However, Bioshock Infinite stands out in surprising and unexpected ways.

For starters the game is set in a floating city steeped in the politics of American exceptionalism and all its related problems. We play Booker DeWitt on his mission to save Elizabeth from her Rapunzel-style incarceration. Elizabeth who, we discover, is a central figure in the floating city because of a prophesy about her atoning for the sins of the world, being the child of the society's founding prophet and (as if that wasn't enough) her ability to open doors to other places and times.

Before we get to all this good stuff though, there is no escaping that Bioshock Infinite is a game primarily designed to sell to people who like pretending to shoot other people in the head, and are reasonably good at it. Indeed, for all this grown-up interest most grown-ups would need considerable coaching and practice to be able to experience it in full -- in either dual-stick gamepad or Move gesture controls. In fact it is one of the most violent games I have played in recent years with enemies being decapitated, sliced, electrocuted, incinerated and generally treated as cannon fodder throughout.

Irrational Games tackle the problem of this "shooter-tainment" storytelling by weaving the violence into the plot. Elizabeth, our computer-controlled companion, is genuinely shocked and repulsed in a "are you some kind of monster" way at Booker's off-hand disposal of enemies. As you may anticipate, she quickly learns to live with the carnage and even defaults to a supportive role in keeping Booker's weapons stocked.

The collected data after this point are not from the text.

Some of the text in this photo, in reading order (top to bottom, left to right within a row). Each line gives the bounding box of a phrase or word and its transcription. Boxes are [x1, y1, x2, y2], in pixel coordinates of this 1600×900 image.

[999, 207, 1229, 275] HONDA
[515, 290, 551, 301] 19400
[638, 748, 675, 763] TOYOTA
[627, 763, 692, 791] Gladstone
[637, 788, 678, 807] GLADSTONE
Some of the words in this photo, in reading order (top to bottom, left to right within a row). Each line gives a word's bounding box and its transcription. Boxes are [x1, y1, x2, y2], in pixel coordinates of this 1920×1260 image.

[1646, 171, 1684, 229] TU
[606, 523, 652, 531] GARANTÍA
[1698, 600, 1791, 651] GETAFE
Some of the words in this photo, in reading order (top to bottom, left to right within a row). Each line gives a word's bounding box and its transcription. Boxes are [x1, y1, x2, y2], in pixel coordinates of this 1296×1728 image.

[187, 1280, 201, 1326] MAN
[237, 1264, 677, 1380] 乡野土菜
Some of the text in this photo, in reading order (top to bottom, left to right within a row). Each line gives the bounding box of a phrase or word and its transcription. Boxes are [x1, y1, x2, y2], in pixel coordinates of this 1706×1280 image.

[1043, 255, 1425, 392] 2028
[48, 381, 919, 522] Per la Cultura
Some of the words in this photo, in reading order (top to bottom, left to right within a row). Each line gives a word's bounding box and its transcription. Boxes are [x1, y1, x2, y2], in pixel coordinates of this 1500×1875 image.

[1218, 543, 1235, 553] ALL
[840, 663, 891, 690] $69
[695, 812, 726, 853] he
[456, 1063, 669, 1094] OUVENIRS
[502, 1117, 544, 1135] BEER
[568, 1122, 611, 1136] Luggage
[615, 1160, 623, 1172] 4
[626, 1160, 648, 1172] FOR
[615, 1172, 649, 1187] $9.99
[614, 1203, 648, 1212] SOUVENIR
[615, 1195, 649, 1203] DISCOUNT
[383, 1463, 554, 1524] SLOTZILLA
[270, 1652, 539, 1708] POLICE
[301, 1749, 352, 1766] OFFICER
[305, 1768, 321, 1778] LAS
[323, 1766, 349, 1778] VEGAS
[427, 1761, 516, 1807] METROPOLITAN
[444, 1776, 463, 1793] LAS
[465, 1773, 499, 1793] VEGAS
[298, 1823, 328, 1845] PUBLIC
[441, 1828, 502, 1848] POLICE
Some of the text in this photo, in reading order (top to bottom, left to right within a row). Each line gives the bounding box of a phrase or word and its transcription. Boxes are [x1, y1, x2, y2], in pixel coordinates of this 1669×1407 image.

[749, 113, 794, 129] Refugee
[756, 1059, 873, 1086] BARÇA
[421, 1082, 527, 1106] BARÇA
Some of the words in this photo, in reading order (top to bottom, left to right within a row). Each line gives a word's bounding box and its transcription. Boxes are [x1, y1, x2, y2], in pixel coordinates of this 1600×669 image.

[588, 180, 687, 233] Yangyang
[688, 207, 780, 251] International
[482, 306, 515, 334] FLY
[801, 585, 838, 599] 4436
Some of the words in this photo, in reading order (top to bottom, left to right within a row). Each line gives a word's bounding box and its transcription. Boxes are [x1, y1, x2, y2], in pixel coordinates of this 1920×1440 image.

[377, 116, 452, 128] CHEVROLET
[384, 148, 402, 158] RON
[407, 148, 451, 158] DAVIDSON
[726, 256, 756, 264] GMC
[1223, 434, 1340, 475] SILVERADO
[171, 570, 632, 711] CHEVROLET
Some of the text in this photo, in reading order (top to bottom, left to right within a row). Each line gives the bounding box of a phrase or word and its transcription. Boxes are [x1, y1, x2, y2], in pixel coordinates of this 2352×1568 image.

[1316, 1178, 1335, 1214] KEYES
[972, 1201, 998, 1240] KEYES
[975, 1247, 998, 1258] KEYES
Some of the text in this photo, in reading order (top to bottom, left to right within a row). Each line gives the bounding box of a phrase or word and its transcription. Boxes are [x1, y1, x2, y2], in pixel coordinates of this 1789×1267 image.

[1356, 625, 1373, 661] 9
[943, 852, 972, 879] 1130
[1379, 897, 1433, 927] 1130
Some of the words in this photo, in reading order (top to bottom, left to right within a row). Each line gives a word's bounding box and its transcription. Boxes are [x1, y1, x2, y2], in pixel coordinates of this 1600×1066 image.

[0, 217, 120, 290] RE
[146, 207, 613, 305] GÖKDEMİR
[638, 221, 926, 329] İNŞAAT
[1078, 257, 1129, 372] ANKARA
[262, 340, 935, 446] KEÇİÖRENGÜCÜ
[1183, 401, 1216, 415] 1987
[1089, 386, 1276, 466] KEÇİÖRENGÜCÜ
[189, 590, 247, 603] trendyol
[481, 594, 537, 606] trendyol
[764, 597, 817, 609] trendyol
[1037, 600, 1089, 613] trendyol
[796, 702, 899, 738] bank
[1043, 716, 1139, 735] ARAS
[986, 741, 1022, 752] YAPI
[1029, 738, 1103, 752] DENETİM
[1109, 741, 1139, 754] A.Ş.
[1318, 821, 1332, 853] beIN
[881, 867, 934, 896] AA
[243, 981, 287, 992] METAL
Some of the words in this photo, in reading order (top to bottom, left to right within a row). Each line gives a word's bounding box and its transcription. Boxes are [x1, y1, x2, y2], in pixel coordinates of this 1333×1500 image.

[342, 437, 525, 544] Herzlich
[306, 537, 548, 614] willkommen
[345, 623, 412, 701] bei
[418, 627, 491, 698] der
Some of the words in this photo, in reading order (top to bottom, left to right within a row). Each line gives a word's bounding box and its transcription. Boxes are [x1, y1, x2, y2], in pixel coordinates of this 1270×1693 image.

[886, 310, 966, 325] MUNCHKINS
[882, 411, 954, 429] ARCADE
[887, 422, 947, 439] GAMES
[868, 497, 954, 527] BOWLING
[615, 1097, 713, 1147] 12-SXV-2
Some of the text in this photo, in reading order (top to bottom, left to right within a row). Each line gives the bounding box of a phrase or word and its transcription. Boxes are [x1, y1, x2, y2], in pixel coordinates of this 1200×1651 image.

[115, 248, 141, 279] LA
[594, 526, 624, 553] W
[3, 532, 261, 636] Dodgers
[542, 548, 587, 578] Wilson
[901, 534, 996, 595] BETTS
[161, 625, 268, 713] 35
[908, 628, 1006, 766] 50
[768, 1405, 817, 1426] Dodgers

Booker's own slow-growing remorse at his actions is more successful although again is undermined in any ongoing way by the sheer number of people he has to kill to rescue the girl and achieve his catharsis.

It was actually this quieter more personal thread that stayed with me.

This notwithstanding, Bioshock Infinite takes big budget video-games another step beyond entertaining target practice. Things happen in its ten (or so) hours that there is not time for in a three hour film and wouldn't work in a pre-scripted book. Booker and Elizabeth matter because we spend time with them in "real" space, we overhear their story for ourselves rather than being shown or told it by a third party. In fact, this way of experiencing narrative is itself another skill we need to work at initially, like reading or watching.

Once mastered it lets the narrative proceed gently, so that players can engage with the layered story at their own pace. Simply spending time in the floating city, seeing the religious phrasing and iconography, overhearing the chatter and responses of inhabitants or even just taking in the architecture and fashions do as much of the narrative work as the dialogue.

This lends the relationships between Booker, Elizabeth and her dictator-captor, Comstock, room to breathe and become genuinely intriguing over the course of the game. It's a complex of characters that avoids stereotype by a shifting perspective of who really has the high moral ground.

Elizabeth is particularly impressive and soon lays to rest concerns over spending long hours with an "artificial" companion. She deftly channels the adrenaline from battle sequences into quieter emotional moments when you often catch her ruminating on her plight and the sad state of the world.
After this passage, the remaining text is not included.